As a former employment rights lawyer, I have deep concerns about the employment of staff members at franchised-out branches. When I have written to the Post Office seeking assurances, at the outset, they have always been given, but what is the reality? Some protections exist under TUPE but the CWU found that, in 2014-15, only 10 out of 400 staff from Crown post office branches that were closed were TUPE-ed over to the new retailer. In 2016, the figure was six out of 200—3% of staff. Those are shocking figures. Not only is that bad for jobs and workers’ employment; it is bad for customers’ experience. People employed by the Post Office service are highly skilled and trained staff, and they are used to the face-to-face interactions that the job requires. When such high-quality trained permanent staff are lost, services inevitably decline.

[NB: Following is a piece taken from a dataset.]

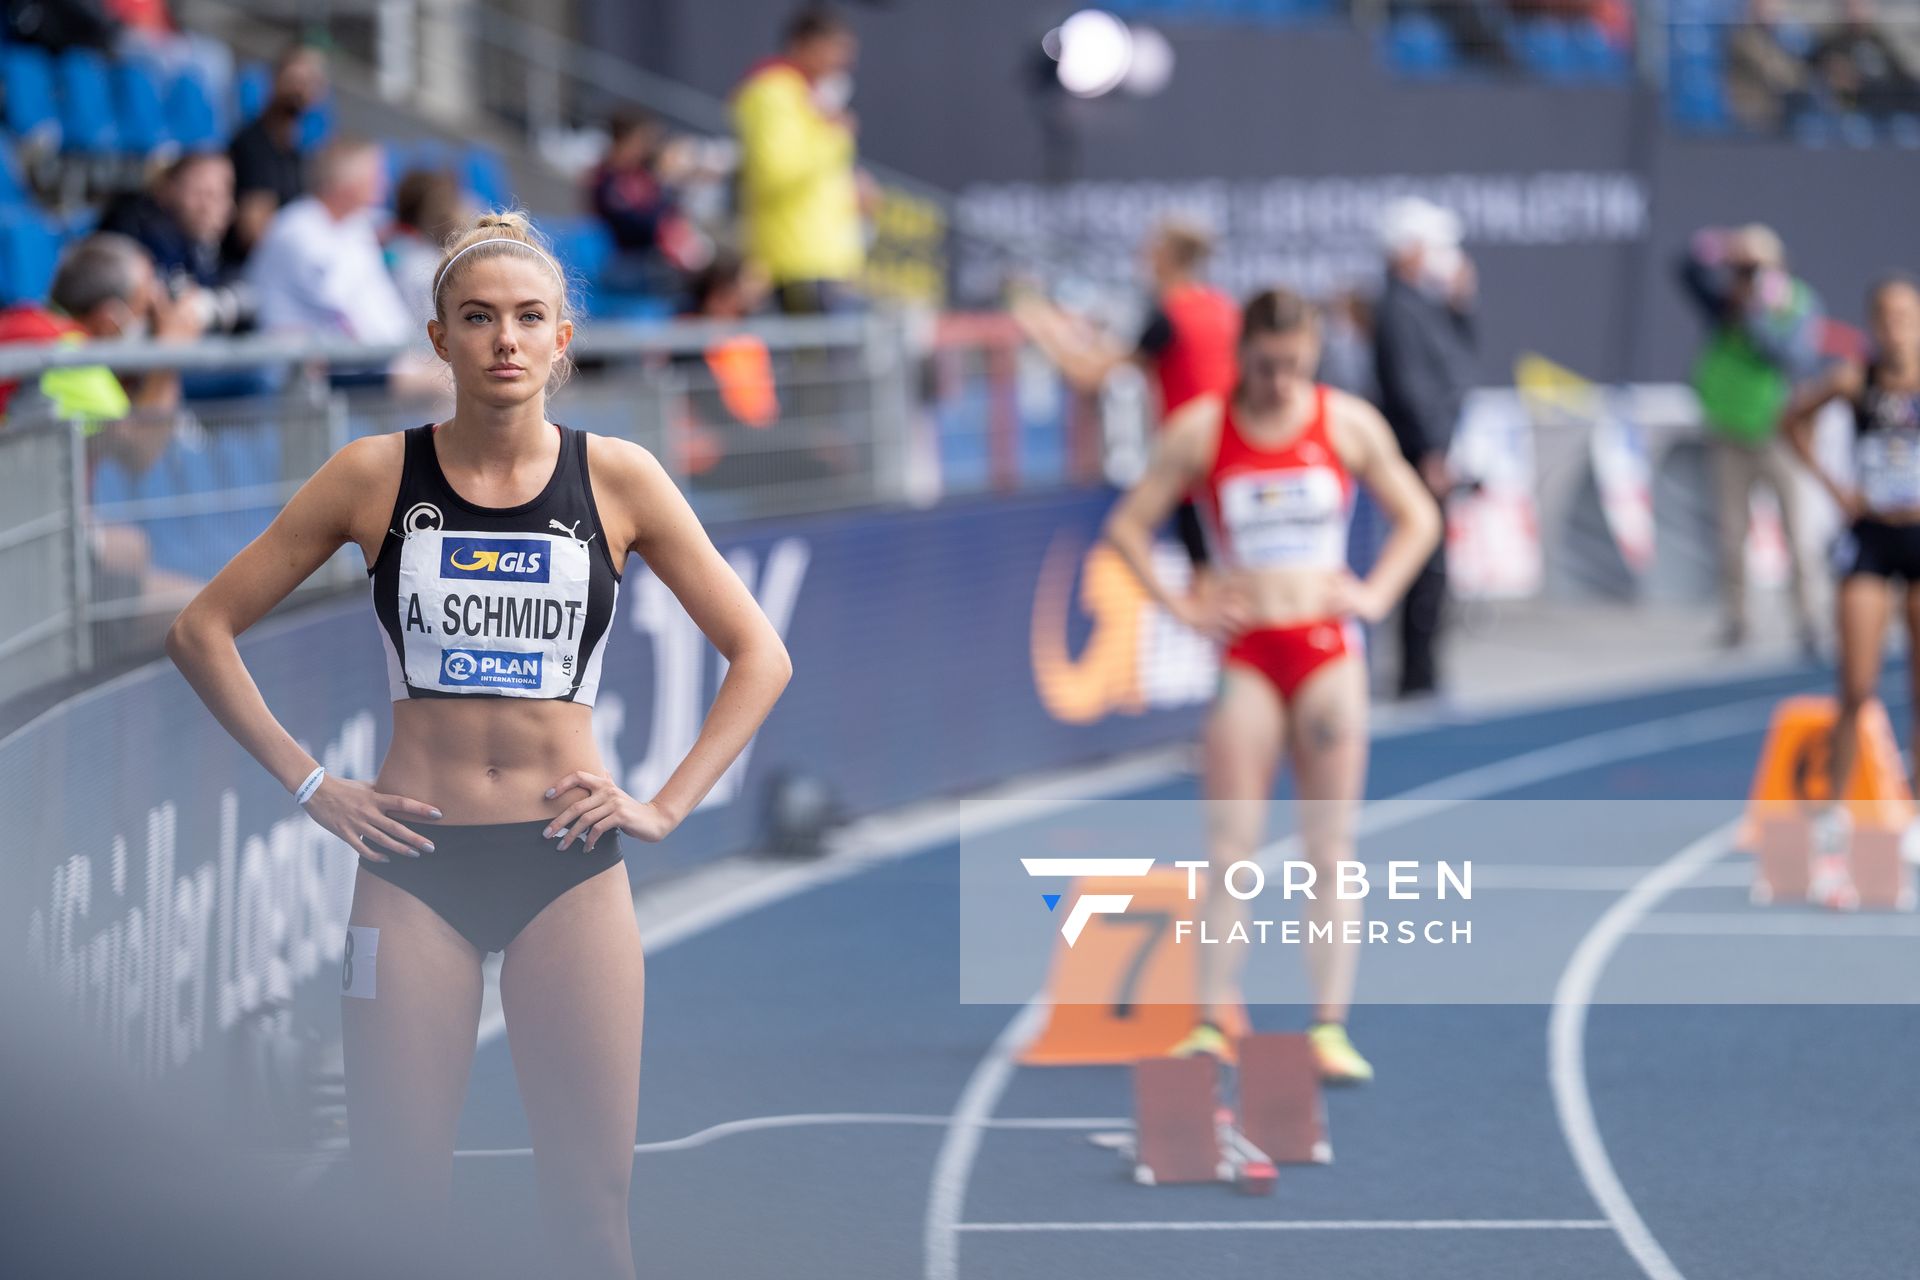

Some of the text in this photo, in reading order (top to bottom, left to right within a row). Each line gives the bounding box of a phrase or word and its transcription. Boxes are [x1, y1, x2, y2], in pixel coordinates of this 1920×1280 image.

We should think about the effect that post office closures and downgrades have in the high street. When we ran the campaign to save the Sydenham Crown post office, local businesses said they desperately wanted to keep it because it would mean footfall on the high street. People who went to the post office would shop in local, usually very small, independent retailers. There is now a lot of worry locally about the effect on the high street of the downgrade. Crown post offices provide stability to high streets. A lot can be said about the transition to online commerce, but one step that the Government can and should take to protect high streets is to stop franchising out our post offices. It is not the only solution, but allowing those vital services to continue on the high street, serving our communities and constituents, is surely in everyone’s interest. The downgrades and closures, and the franchising out, need to stop now.